Problem details: What follows is a set of records. Copy them exactly and leave out the images.
[Records for the exercise Boundary: Start]
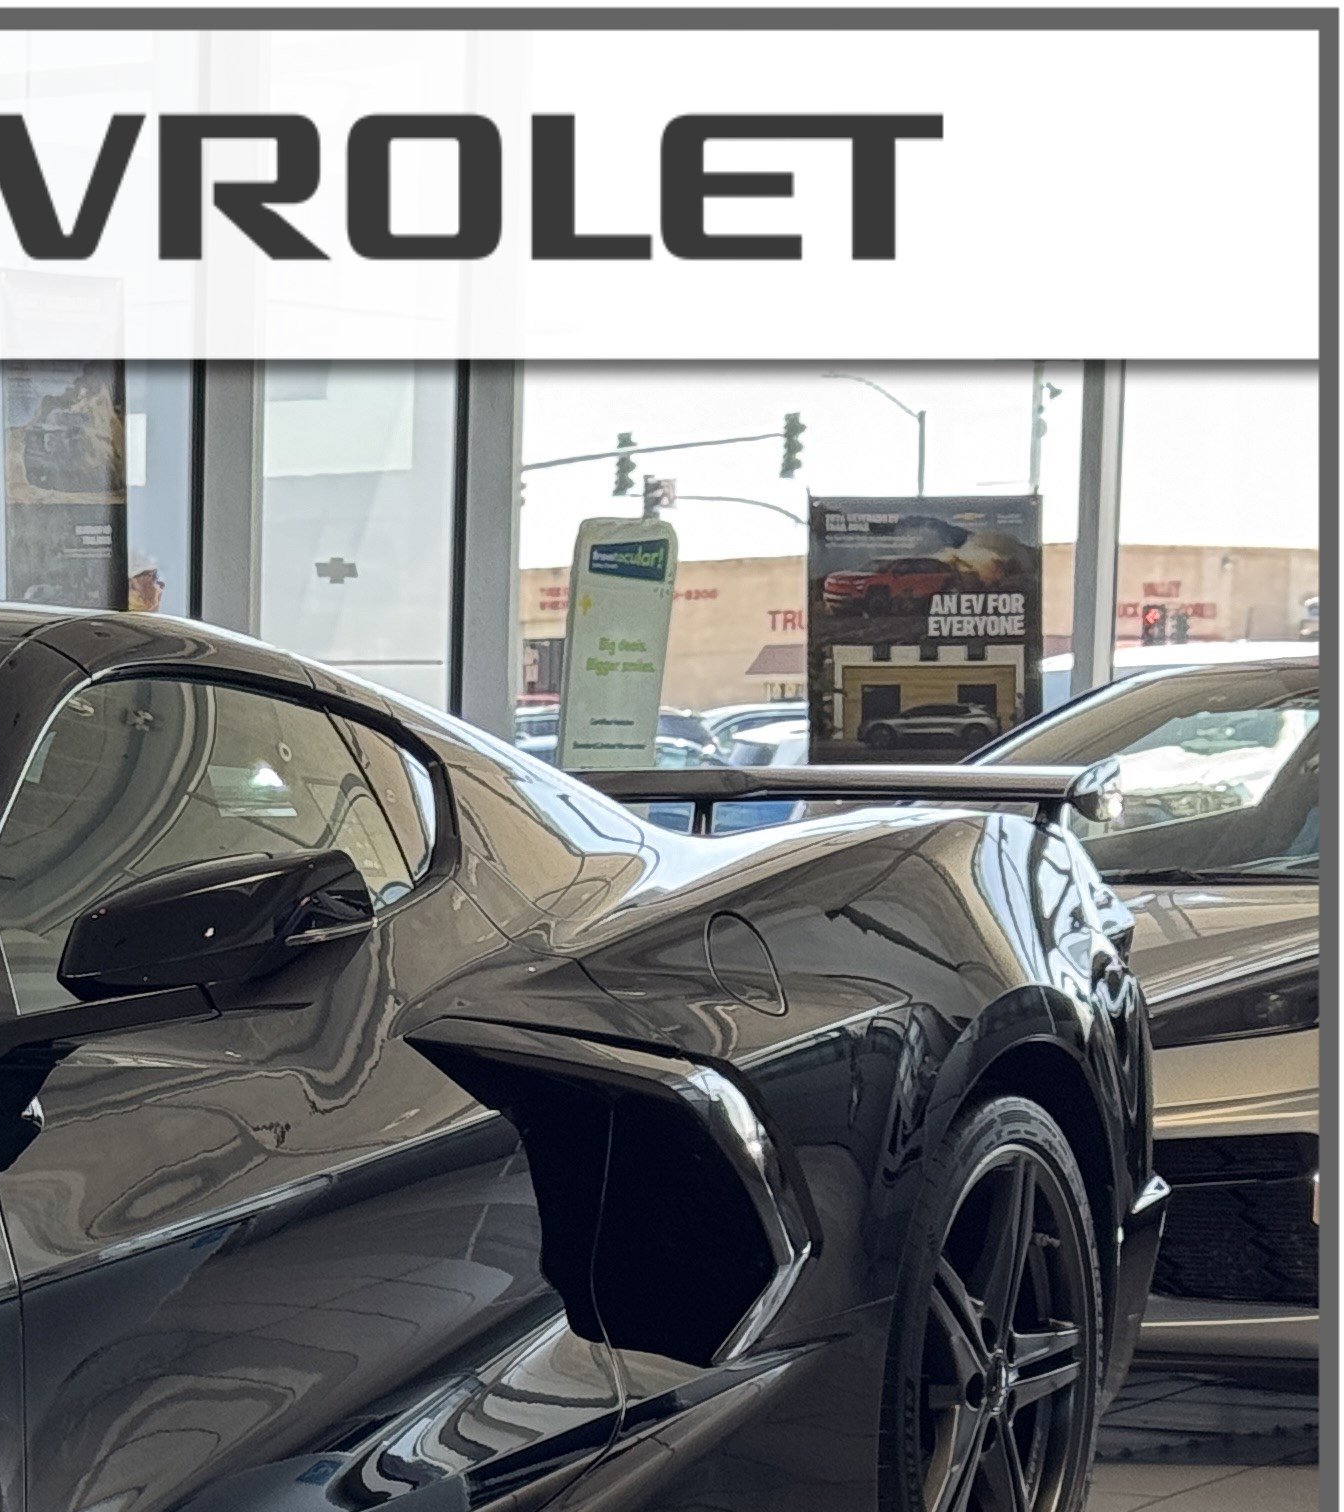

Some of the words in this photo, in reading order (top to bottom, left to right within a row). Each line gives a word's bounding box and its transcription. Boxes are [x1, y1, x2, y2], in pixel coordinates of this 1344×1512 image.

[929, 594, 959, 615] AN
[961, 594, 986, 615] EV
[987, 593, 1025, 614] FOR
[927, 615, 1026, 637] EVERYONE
[Records for the exercise Boundary: End]
Output for this task:
Some of the words in this photo, in reading order (top to bottom, left to right within a row). Each line gives a word's bounding box and its transcription. Boxes are [x1, y1, x2, y2], in pixel coordinates of this 1344×1512 image.

[929, 594, 959, 615] AN
[961, 594, 986, 615] EV
[987, 593, 1025, 614] FOR
[927, 615, 1026, 637] EVERYONE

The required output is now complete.